(Stored items)
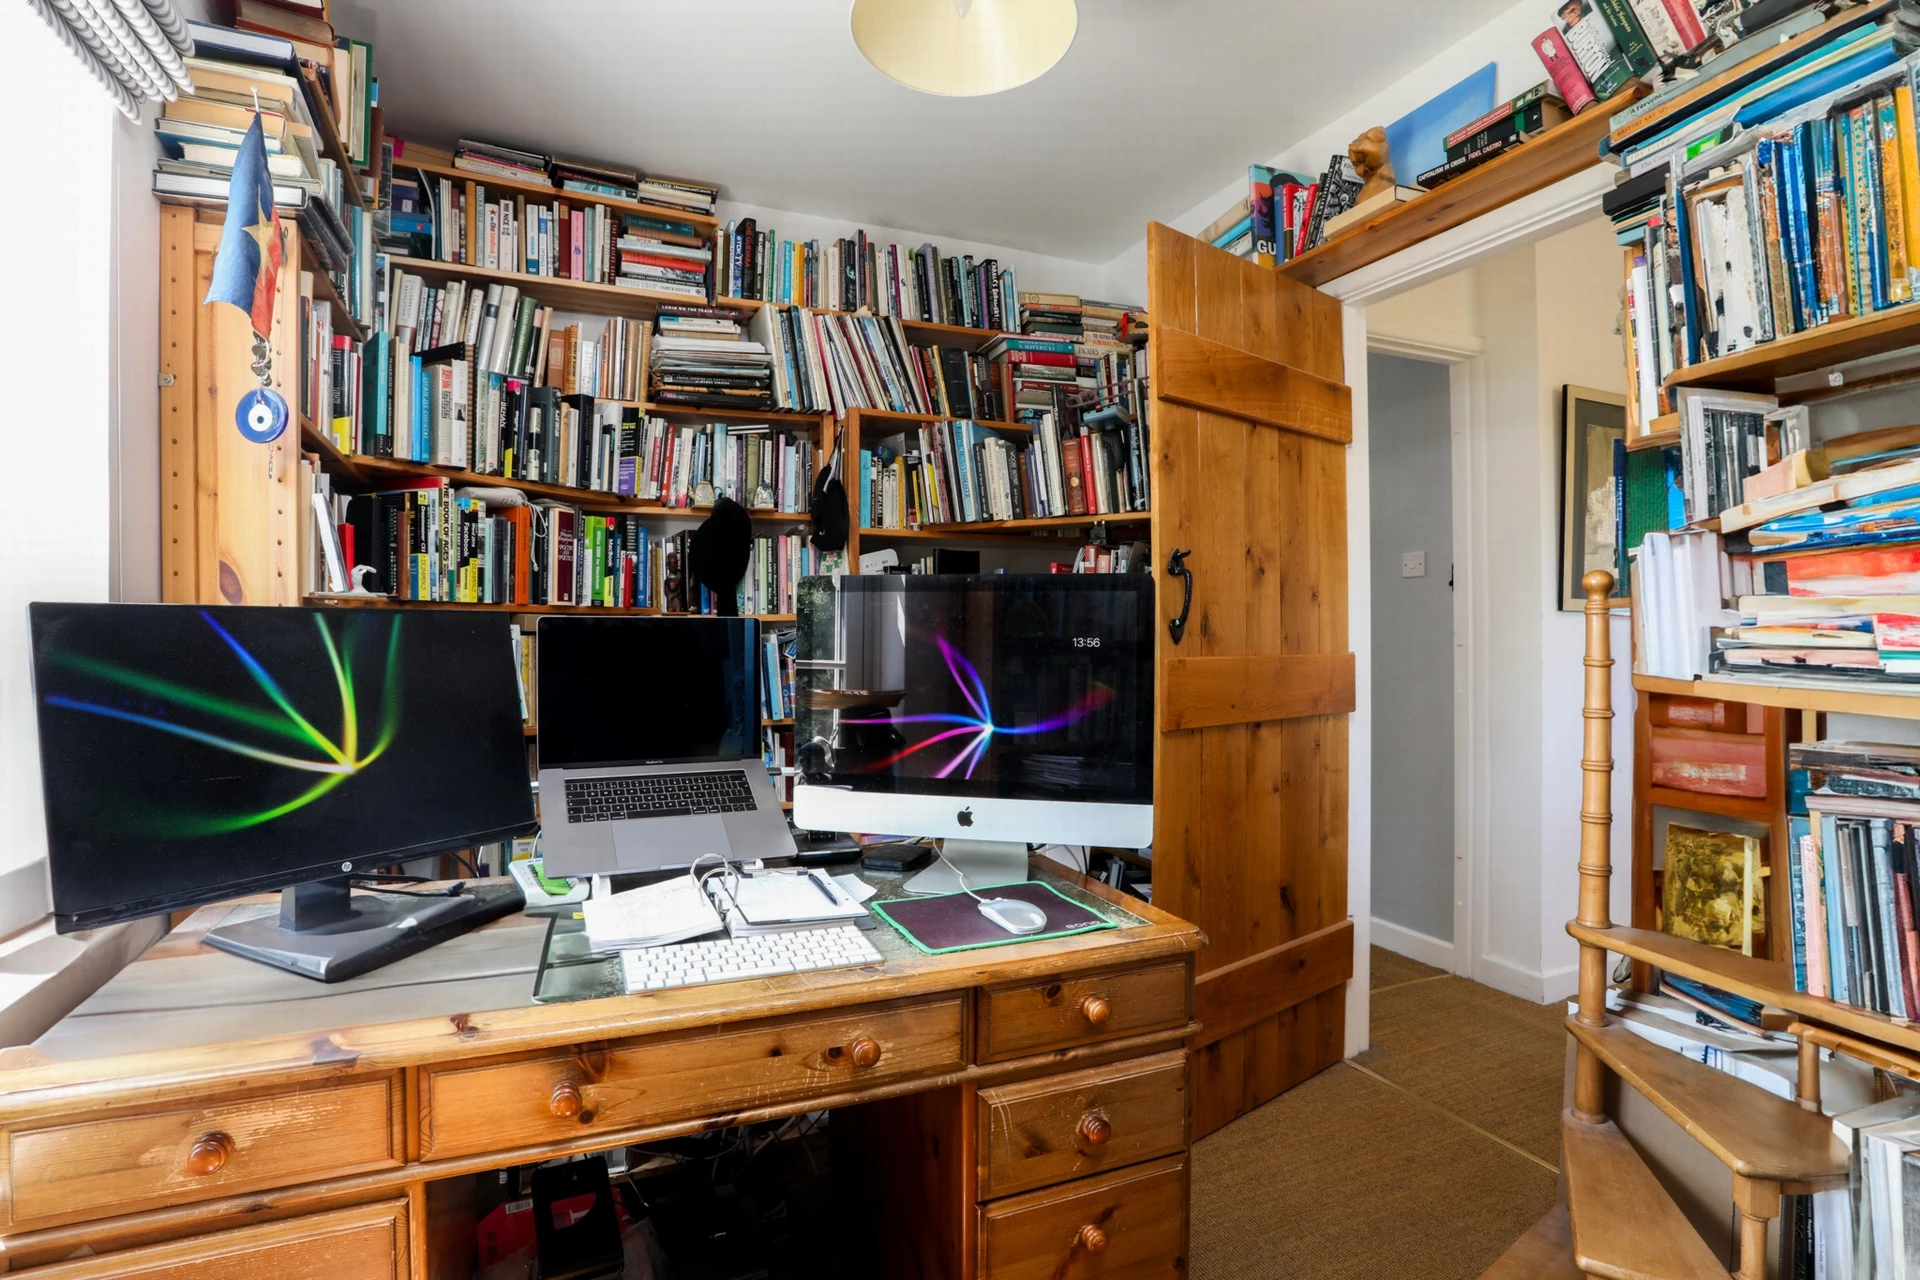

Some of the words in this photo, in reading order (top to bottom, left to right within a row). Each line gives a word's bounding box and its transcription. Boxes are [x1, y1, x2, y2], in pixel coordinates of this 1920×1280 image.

[1566, 30, 1616, 84] BURTON
[1636, 93, 1663, 112] Fervent
[1616, 118, 1642, 136] BRITISH
[1644, 112, 1656, 122] ART
[1418, 166, 1444, 182] CAPITALISM
[1450, 156, 1466, 168] CRISIS
[1468, 149, 1482, 160] FIDEL
[1482, 140, 1502, 154] CASTRO
[1640, 160, 1652, 170] The
[503, 203, 510, 212] MR
[735, 255, 742, 266] TV
[992, 288, 1000, 318] BUKOWSKI
[443, 526, 449, 538] OF
[1072, 638, 1100, 648] 13:56

**How to complete this task:** Give back the entries verbatim. Do not include any picture.

**Exercise response:**
Some of the words in this photo, in reading order (top to bottom, left to right within a row). Each line gives a word's bounding box and its transcription. Boxes are [x1, y1, x2, y2], in pixel coordinates of this 1920×1280 image.

[1566, 30, 1616, 84] BURTON
[1636, 93, 1663, 112] Fervent
[1616, 118, 1642, 136] BRITISH
[1644, 112, 1656, 122] ART
[1418, 166, 1444, 182] CAPITALISM
[1450, 156, 1466, 168] CRISIS
[1468, 149, 1482, 160] FIDEL
[1482, 140, 1502, 154] CASTRO
[1640, 160, 1652, 170] The
[503, 203, 510, 212] MR
[735, 255, 742, 266] TV
[992, 288, 1000, 318] BUKOWSKI
[443, 526, 449, 538] OF
[1072, 638, 1100, 648] 13:56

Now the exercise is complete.